(Dataset entries)
+---+

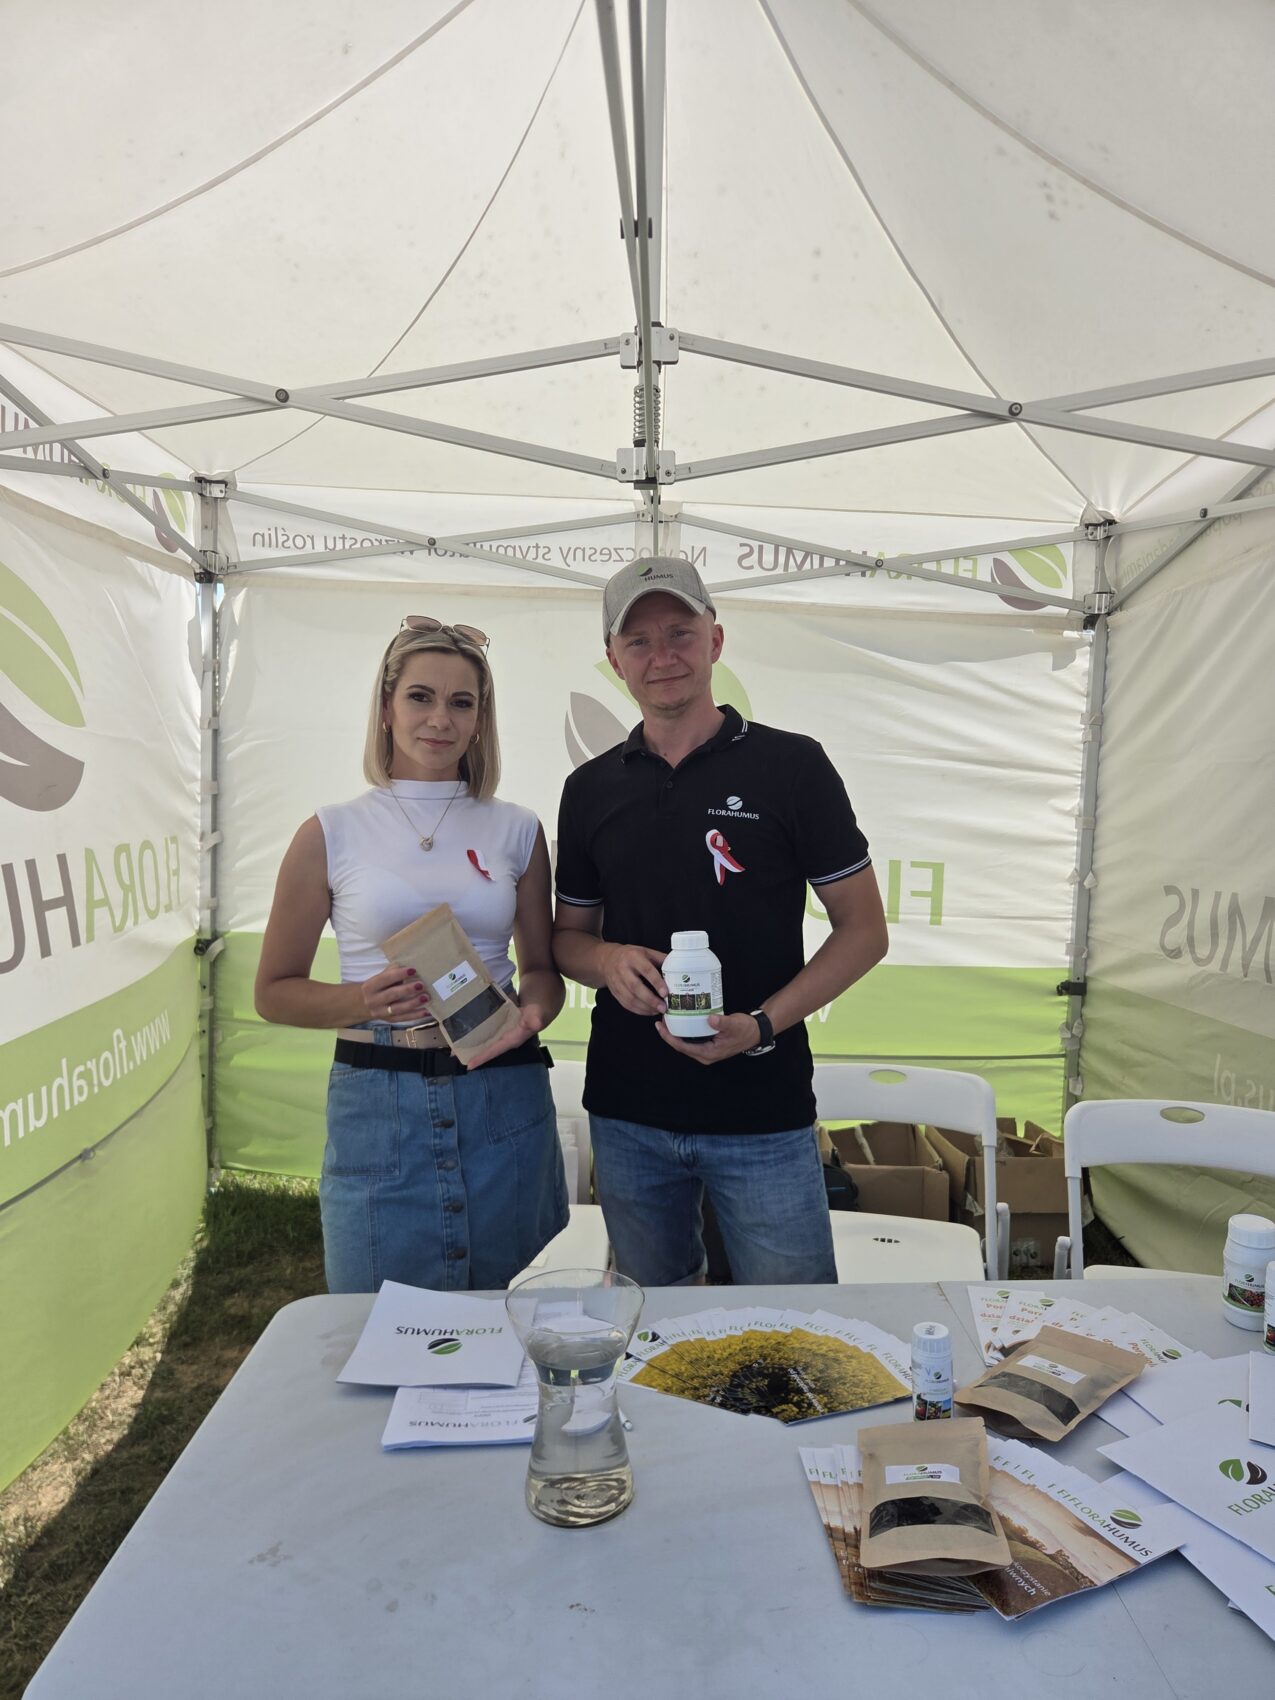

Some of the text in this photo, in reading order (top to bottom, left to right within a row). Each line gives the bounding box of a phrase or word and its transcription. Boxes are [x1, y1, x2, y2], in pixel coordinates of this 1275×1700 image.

[707, 808, 760, 820] FLORAHUMUS
[395, 1325, 503, 1336] FLORAHUMUS
[408, 1419, 518, 1428] FLORAHUMUS
[1068, 1498, 1153, 1558] FLORAHUMUS

+---+

Directions
Once the pictures are set aside, copy the remaining text of every entry exactly.

Expected answer
Some of the text in this photo, in reading order (top to bottom, left to right within a row). Each line gives the bounding box of a phrase or word and its transcription. Boxes are [x1, y1, x2, y2], in pixel coordinates of this 1275×1700 image.

[707, 808, 760, 820] FLORAHUMUS
[395, 1325, 503, 1336] FLORAHUMUS
[408, 1419, 518, 1428] FLORAHUMUS
[1068, 1498, 1153, 1558] FLORAHUMUS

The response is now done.